Structure of hydrogen tetroxide in gas phase and in aqueous environments: relationship to the hydroperoxyl radical self-reaction

Hydrogen polyoxides are important species in atmospheric chemistry, advanced oxidation processes for wastewater treatment, and biological processes, among other fields. However, the electronic structure and chemical properties of the largest synthesized members of this chemical family remain poorly understood. In the present work, we have carried out a detailed theoretical study of hydrogen tetroxide (HO4H), which is a reaction intermediate of the hydroperoxyl radical (HO2) self-reaction.
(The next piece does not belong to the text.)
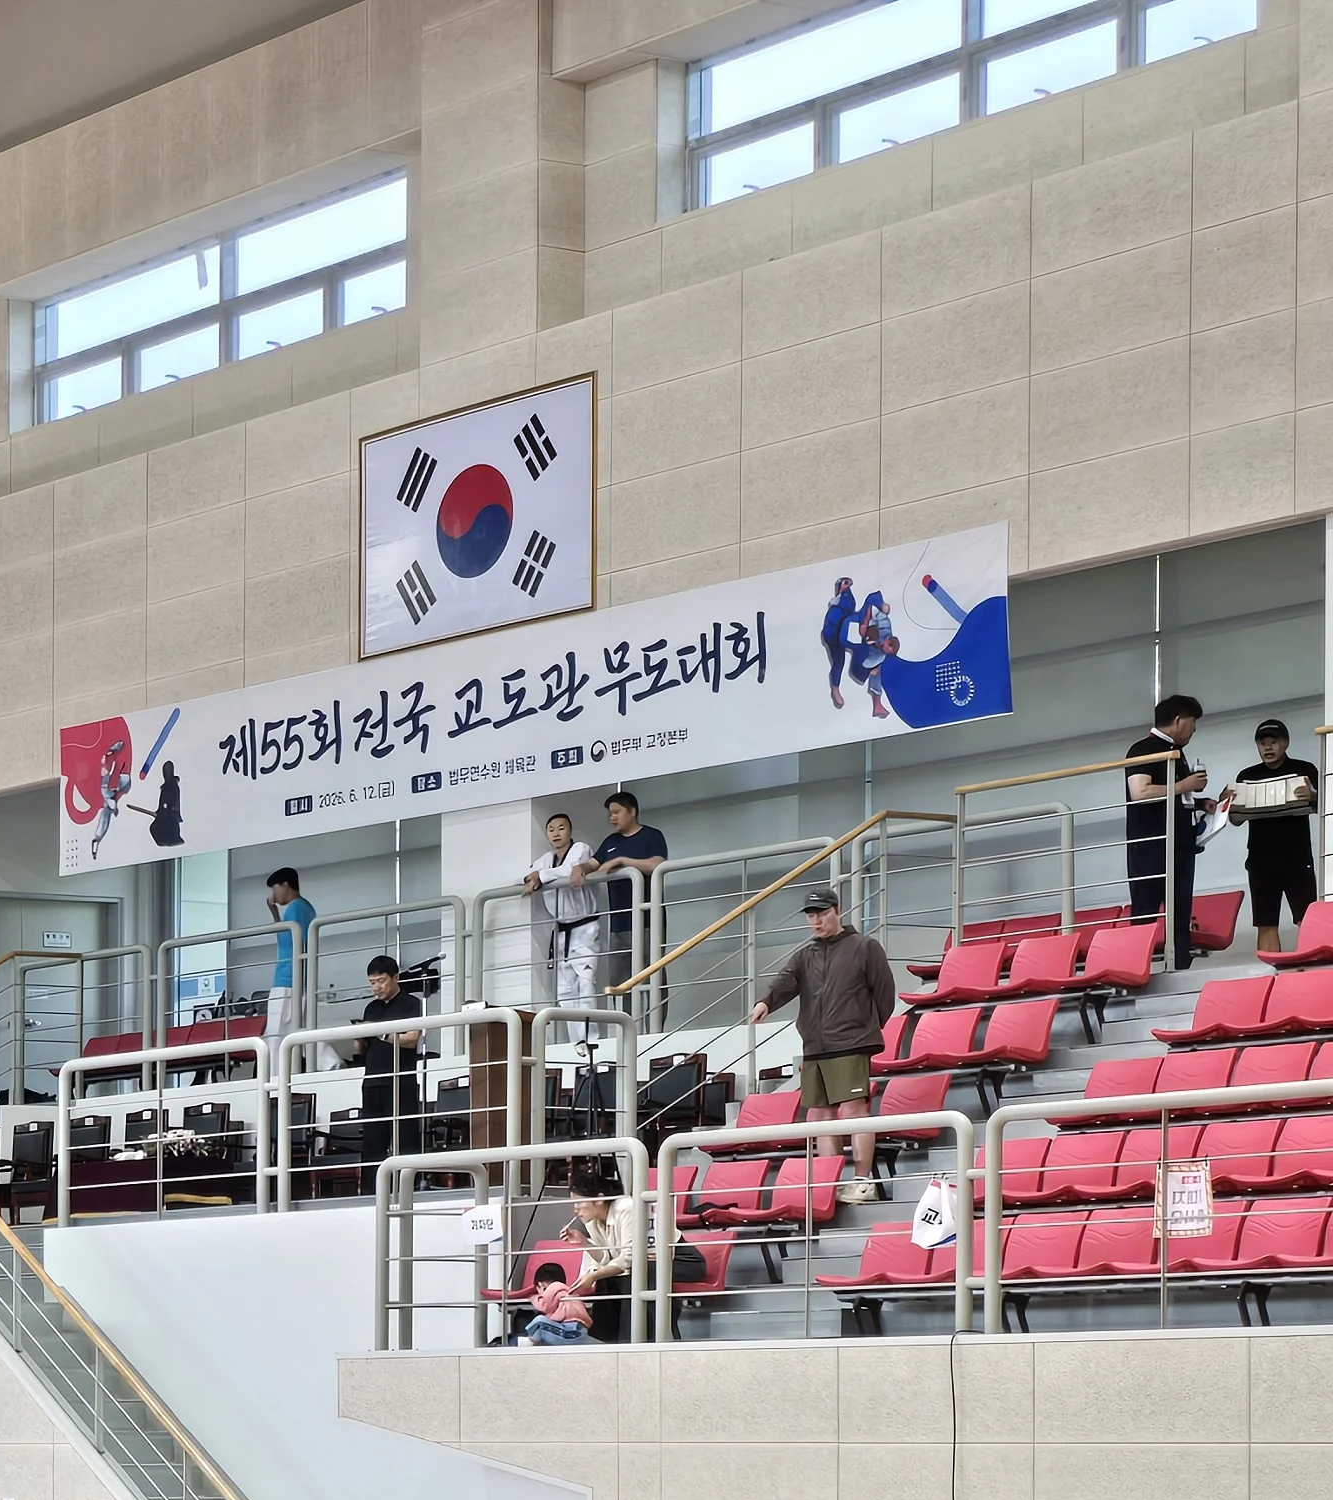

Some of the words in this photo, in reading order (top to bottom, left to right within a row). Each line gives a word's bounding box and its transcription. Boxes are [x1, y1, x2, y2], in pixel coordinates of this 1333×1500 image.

We have considered the molecule in gas phase, in microhydrated environments, in bulk water solution, and at the air-water interface. Very high level ab initio calculations have been carried out to describe the isolated molecule and the water complexes. Combined QM/MM molecular dynamics simulations have been performed to describe the system in liquid water and at the water surface. We show that the interactions with water strongly stabilize the tetraoxide adduct with respect to the (HO2)(2) dimer. The chemical process leading to hydrogen tetroxide from two separated hydroperoxyl radicals is predicted to be an exothermic and exergonic reaction at 298 K in all the studied media, with the reaction free energy being slightly smaller (in absolute value) in the condensed phase with respect to the gas phase. An estimation of the pK(a) of hydrogen tetroxide has been reported (7.3), which suggests that this species is less acidic than previously thought.